CMS can't ignore input

Friday, January 24, 2014

There’s a great deal of activity regarding healthcare policy changes with the goal of providing quality care and services in the most cost-effective manner. But to be successful, the process must include input from all parties so that changes are made in a fully informed manner and result in the most effective and positive outcomes. That’s not happening when it comes to Medicare’s coverage of complex rehab technology (CRT).

Medicare policy changes impacting CRT during the past year fall under negative reform. It’s reform that makes it harder for beneficiaries with significant disabilities to get the specialized equipment and services they need. It’s reform that will actually increase healthcare costs. And to compound the problems, Medicaid programs and private insurance plans may follow Medicare’s lead.

CMS has an obligation to administer the Medicare program in a responsible manner, which includes properly evaluating and implementing changes. This obligation necessitates incorporating input from knowledgeable stakeholders who can speak to how a change may increase healthcare costs, decrease quality of care, or have a detrimental impact on clinical and functional outcomes. CMS is consistently ignoring this critical requirement.

The most recent and egregious example is the disregard of public comments on a final rule issued Nov. 22, 2013, that included a reclassification of certain mobility and seating codes from the “routinely purchased” payment category to the “capped rental” payment category. 

CMS chose to ignore more than 170 letters and issued its final rule with virtually no changes. Many letters were from well-recognized national consumer and clinical associations. Commenters noted a major problem with a classification relying solely on Medicare claims data from 1986. Common sense indicates the methodology needs to be updated and additional criteria added. Letters also pointed out Congress set a precedent in 2010 that CRT items should be classified as routinely purchased given their specialized and individually configured nature. 

These and many other constructive comments and recommendations were completely ignored or discounted by CMS. If the rule is left unchanged, it will have significant negative impacts to Medicare beneficiaries with disabilities. Thankfully, interested congressional offices have agreed to look into this.

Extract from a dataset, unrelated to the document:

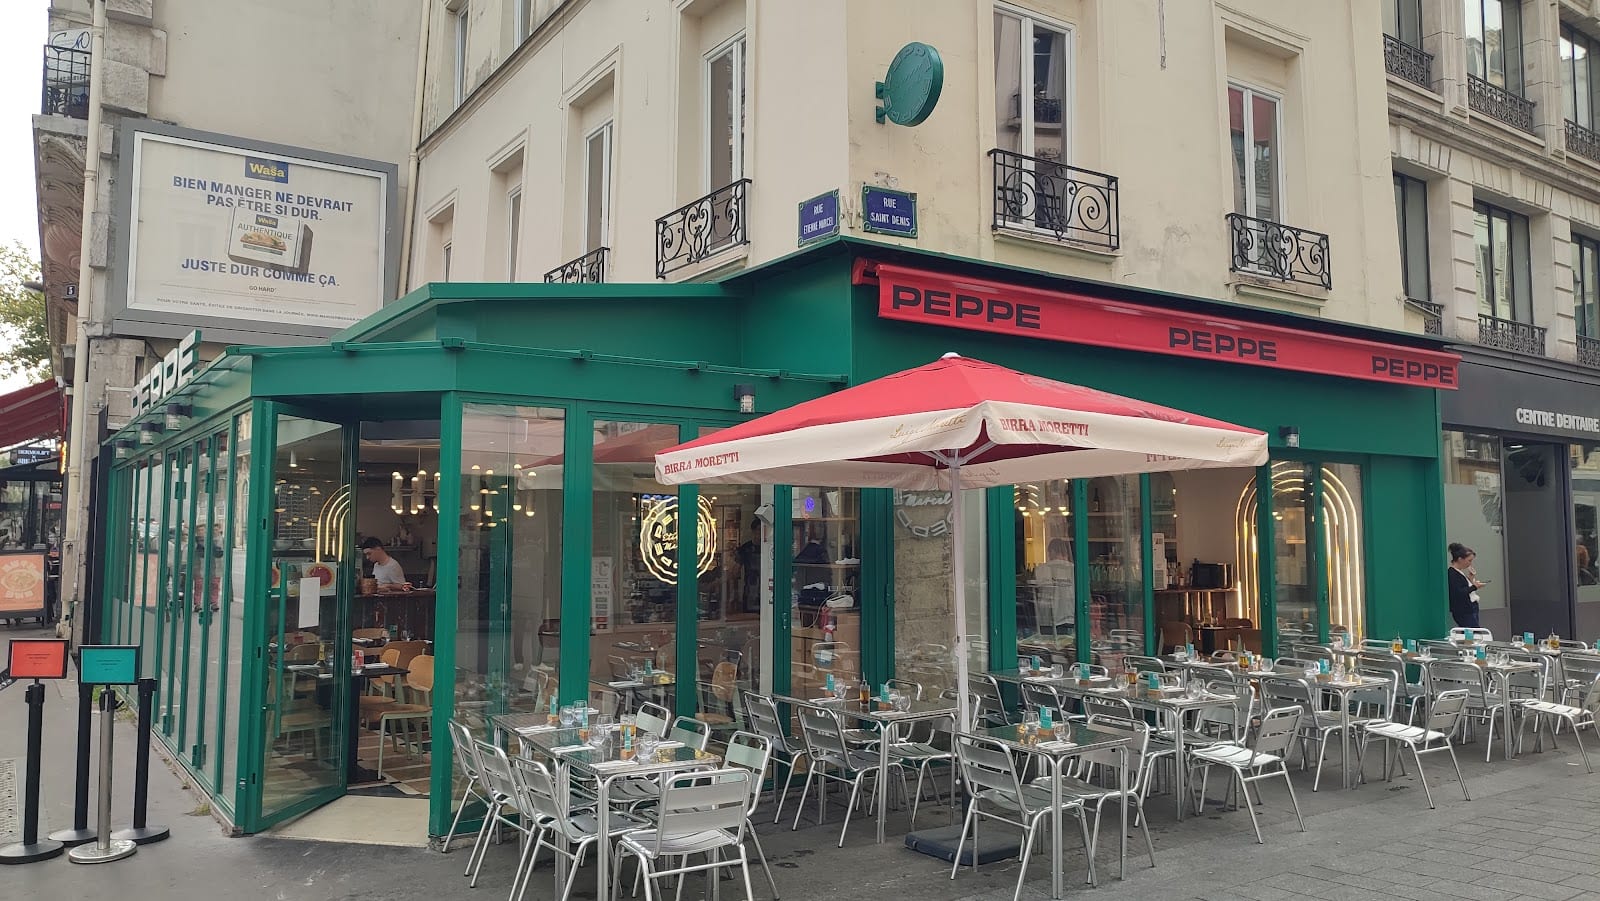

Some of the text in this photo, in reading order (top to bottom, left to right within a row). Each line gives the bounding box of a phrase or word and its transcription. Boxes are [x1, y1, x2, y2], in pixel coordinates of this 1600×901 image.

Sadly, there are many other recent examples where the disregard of constructive stakeholder comments produced bad policy and will hurt access: the new requirement that beneficiaries must go through the time and expense of a doctor’s examination before they can get their wheelchair brake fixed or their seat belt replaced; the drastic reductions in access to wheelchair repairs due to a competitive bidding program that took bids from companies offering unrealistically low prices without requiring them to actually do repairs at the new rates; and the various changes to how modified and custom manual wheelchairs are coded and reimbursed.  

Genuine collaboration can work if given a chance, as seen in CMS’s prior authorization demonstration project for certain power mobility devices. Upon initial announcement of this three-year demonstration, stakeholders endorsed the concept but pointed out significant problems with certain operational details. To the credit of CMS, it delayed the original start date, and took the time to hear and incorporate comments on how best to roll out a program that would increase safeguards, but not negatively impact beneficiaries. Why can’t this inclusive process, one that protected both the Medicare program and its beneficiaries, be replicated for other Medicare changes?

On a positive note, CRT issues and concerns have gotten the attention of Congress through federal legislation to create a separate benefit category for CRT (H.R. 942 and S. 948). Once this bill is passed, it will provide a foundation for improved safeguards, policies, and recognition on a federal and state level. 

There needs to be a change in mind-set and process at CMS. Knowledgeable national consumer, clinician, and industry associations remain committed to working with CMS to promote the provision of quality CRT and support services in the most cost-effective manner. But they need to be genuinely included. That’s what will produce the best decisions for both the Medicare program and its beneficiaries.